The fatal dose of co-proxamol may be as little as 10-20 tablets for an adult, especially when CNS depressants such as alcohol, sedatives and tranquillisers have also been taken.
Early features are due to the dextropropoxyphene (opioid) content and include coma, severe respiratory depression, convulsions, and cardiac arrest. These may occur within 30 minutes of ingestion, particularly if alcohol has also been ingested.
Cardiac arrhythmias including ventricular tachycardia may occur up to 12 hours after ingestion, particularly if features of CNS depression are also present.
In less severe cases, pallor, nausea and vomiting may persist for about 24 hours.
Psychotic reactions may occur.
Later features are due to the paracetamol content. After 1-3 days features of hepatic necrosis may appear with persistent nausea and vomiting, right subcostal pain and tenderness followed by jaundice. Loin pain, haematuria and proteinuria after the first 24 hours strongly suggest the development of renal tubular necrosis and the risk of acute renal failure.
Abnormalities of glucose metabolism and metabolic acidosis may occur. In severe poisoning, hepatic failure may progress to encephalopathy, coma and death. Pancreatitis has been reported.
This should include general symptomatic and supportive measures. Naloxone will reduce the respiratory depression and should be given intravenously if coma or respiratory depression is present.

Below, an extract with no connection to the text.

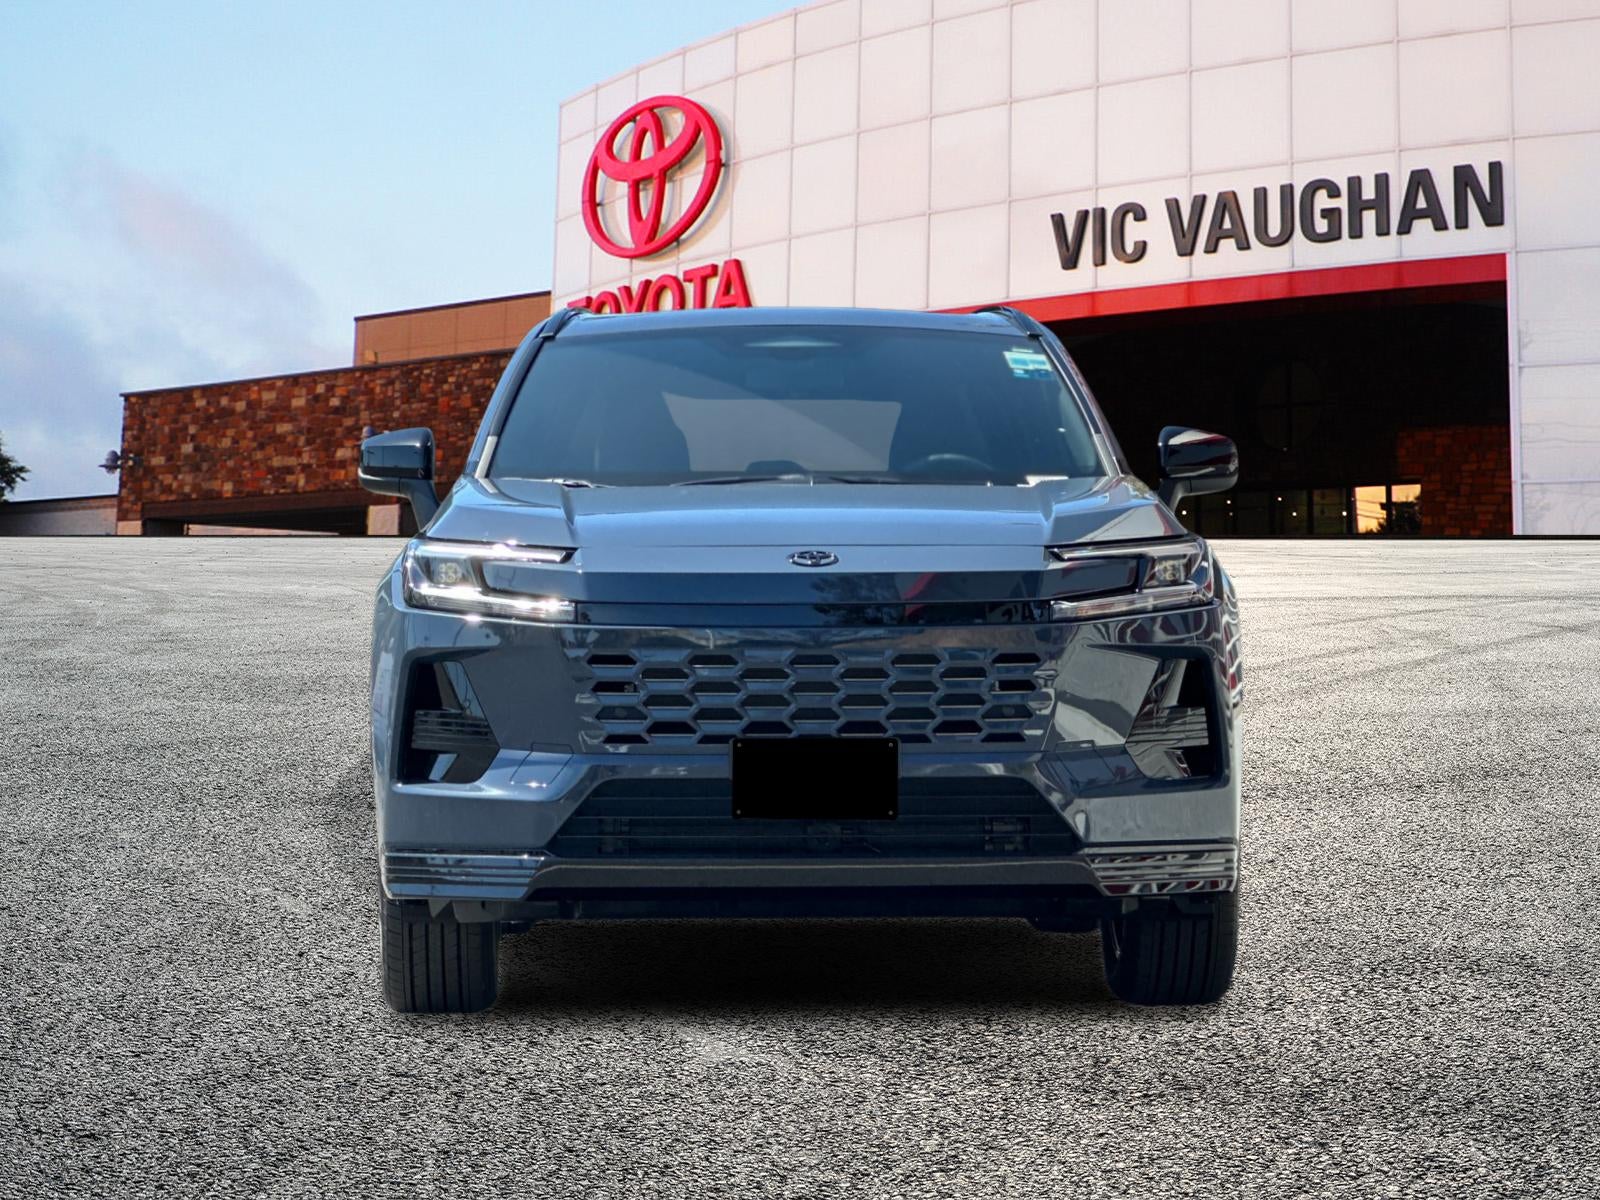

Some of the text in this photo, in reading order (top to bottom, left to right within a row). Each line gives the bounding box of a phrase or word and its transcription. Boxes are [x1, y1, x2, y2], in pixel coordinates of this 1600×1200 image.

[1050, 160, 1505, 270] VIC VAUGHAN
[567, 258, 752, 314] OYOTA

Consider activated charcoal if the patient presents within one hour of ingestion of a potentially toxic amount. Consider gastric lavage in adults within one hour of a potentially life-threatening overdose.
The ECG should be monitored and hypoxia, electrolyte abnormalities and acid base disturbance should be corrected.
The need for N-acetylcysteine as treatment for paracetamol intoxication should be determined by measuring the plasma paracetamol concentration at least four hours after ingestion. N-acetylcysteine should be started immediately if it is thought that more than 150 mg/kg body weight or 12 g in an adult (whichever is the smaller) has been ingested more than eight hours earlier. If risk of liver damage is confirmed by measurement of plasma paracetamol concentration, continue administration of the antidote.
Liver and renal failure should be managed conventionally.